It Actually Makes a Difference Where a Train Station Is Built

Congratulations, it looks like your city is going to be getting high-speed rail service.

Just one thing. Because of various political and economic considerations, the station is going to be located out at the airport — far from any walkable destination and a $12 cab ride from downtown.

That’s the scenario that’s currently facing Madison, Wisconsin — unless a more sensible plan prevails. A high-speed rail connection between Madison and Milwaukee is in the stimulus pipeline, but many of its benefits could be compromised if the Wisconsin Department of Transportation plows ahead with the airport station plan. Two members of the Streetsblog Network have written about the issue in recent days. First, Logan Nash at Congress for the New Urbanism:

yaharastation.jpgThe Yahara location: Will WisDOT do the right thing?

Thankfully, it seems clear that livability and sustainable transportation planning
are part of Obama and DOT head Ray LaHood’s plan for American transport. So why is Wisconsin using the excuse of federal funding to forge ahead with its shortsighted plan to locate Madison’s HSR station at the airport?

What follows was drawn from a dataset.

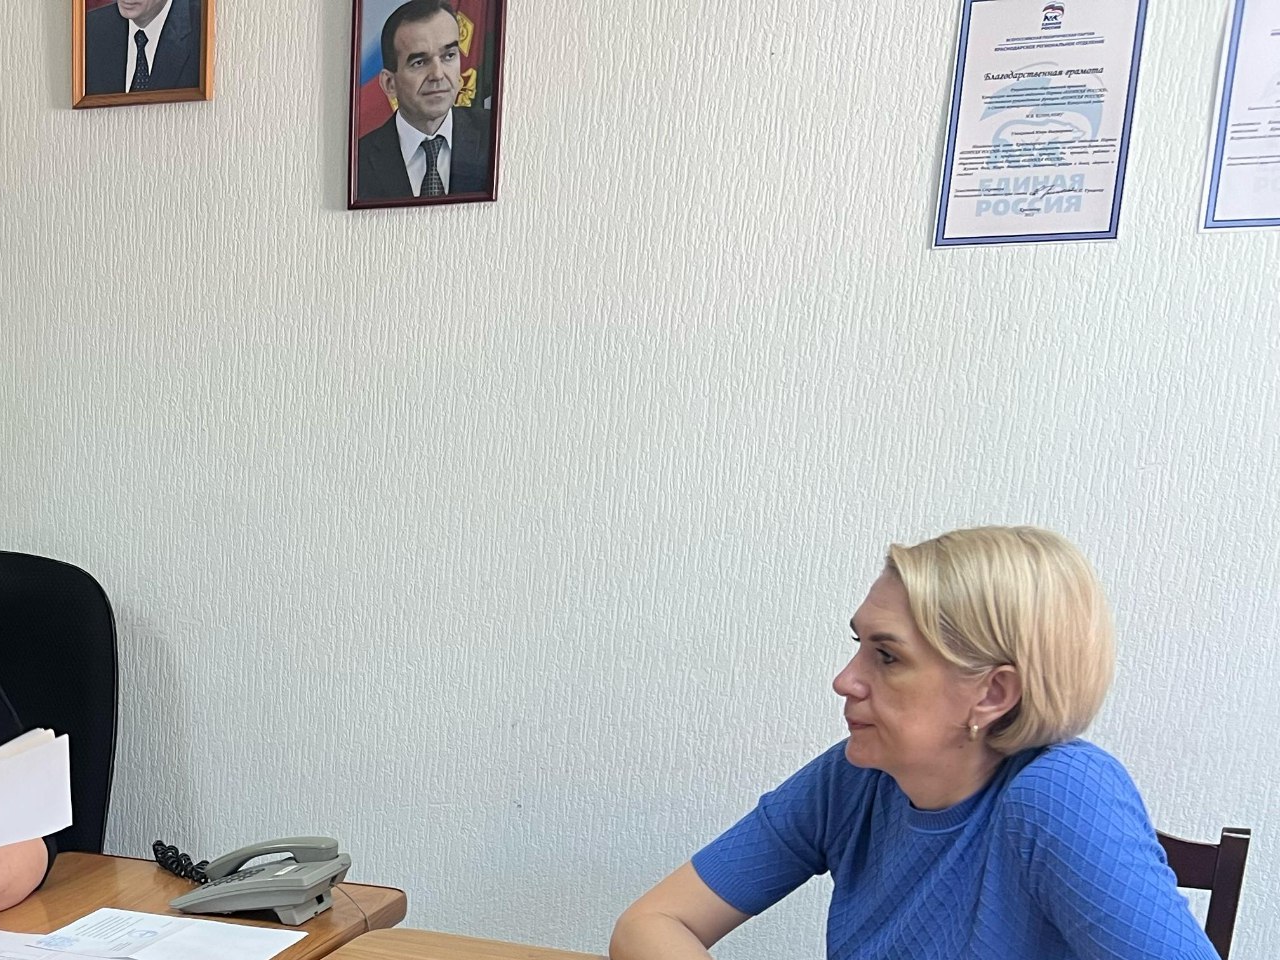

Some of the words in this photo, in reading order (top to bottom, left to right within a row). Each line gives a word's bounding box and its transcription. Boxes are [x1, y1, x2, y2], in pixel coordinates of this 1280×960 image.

This is the question being asked by planner Barry Gore, who has researched and is pushing for an alternative site on unused land at the intersection of First St. and E. Washington Ave. Yahara Station, as it is being called, would bring passengers into an urban area much closer to the capitol without changing the path of the train. It would be a compromise between the airport site and an even closer downtown alternative that WisDOT rejected because it would require trains to back up in order to continue on to the Twin Cities. But the city and the state are fretting over any changes to the current plan for fear of jeopardizing the current “shovel-ready” nature of this Midwest HSR segment.

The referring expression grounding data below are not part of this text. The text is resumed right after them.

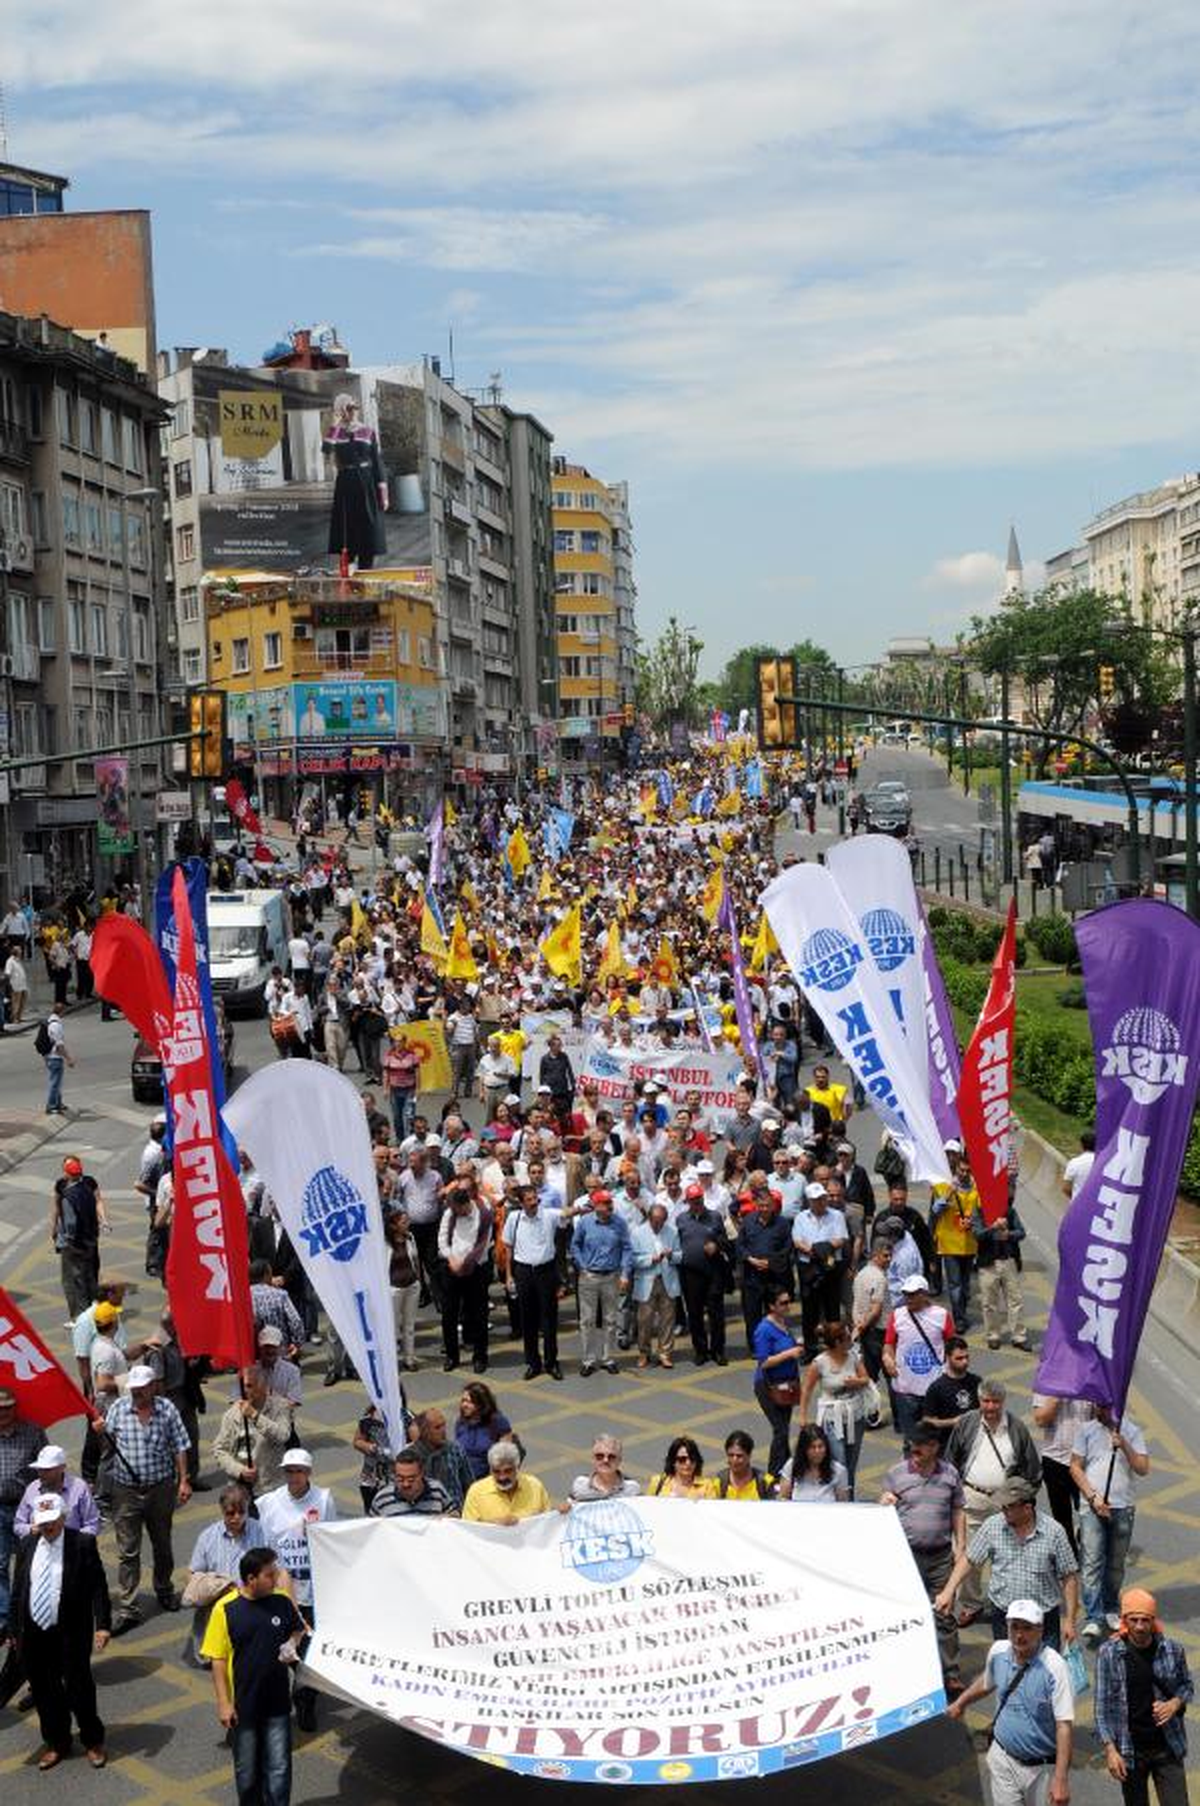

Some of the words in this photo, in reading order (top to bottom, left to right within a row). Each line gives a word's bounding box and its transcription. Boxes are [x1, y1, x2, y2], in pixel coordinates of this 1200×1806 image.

[223, 401, 278, 421] SRM
[560, 1529, 656, 1569] KESK
[464, 1594, 552, 1619] GREVLİ
[559, 1586, 635, 1612] TOPLU
[432, 1622, 530, 1649] İNSANCA
[538, 1605, 667, 1639] YAŞAYACAK
[745, 1615, 926, 1674] ETKİLENMESİN
[371, 1673, 448, 1697] KADIN
[611, 1709, 661, 1721] SON

Urban Milwaukee has more details on the advantages of the Gore plan, and why placement of the Madison station is important to Milwaukee as well:

Why does this matter to Milwaukee?  The station’s location significantly affects the mobility of travelers from Milwaukee and Chicago upon arrival in Madison.  A more central location affords flexibility for spouses to work in different cities, greatly increasing the number of available jobs.  It allows students to more reliably get from one city to the other. A downtown-to-downtown connection also greatly increases the ability for businesses to collaborate and grow in both cities.

CNU’s Nash adds:

The Madison Capital Times sums the general spirit up well with their opening depiction of a future where President Obama is on the inaugural Midwest HSR ride. He is so flabbergasted by the fact that the train will veer away from Madison to stop at the remote airport that he jumps off downtown for a beer. The administration has stated that we need to be investing in the future of our cities. Surely the feds will accommodate a minor change that will bring this arm of the Midwest HSR project in line with their own urban principles.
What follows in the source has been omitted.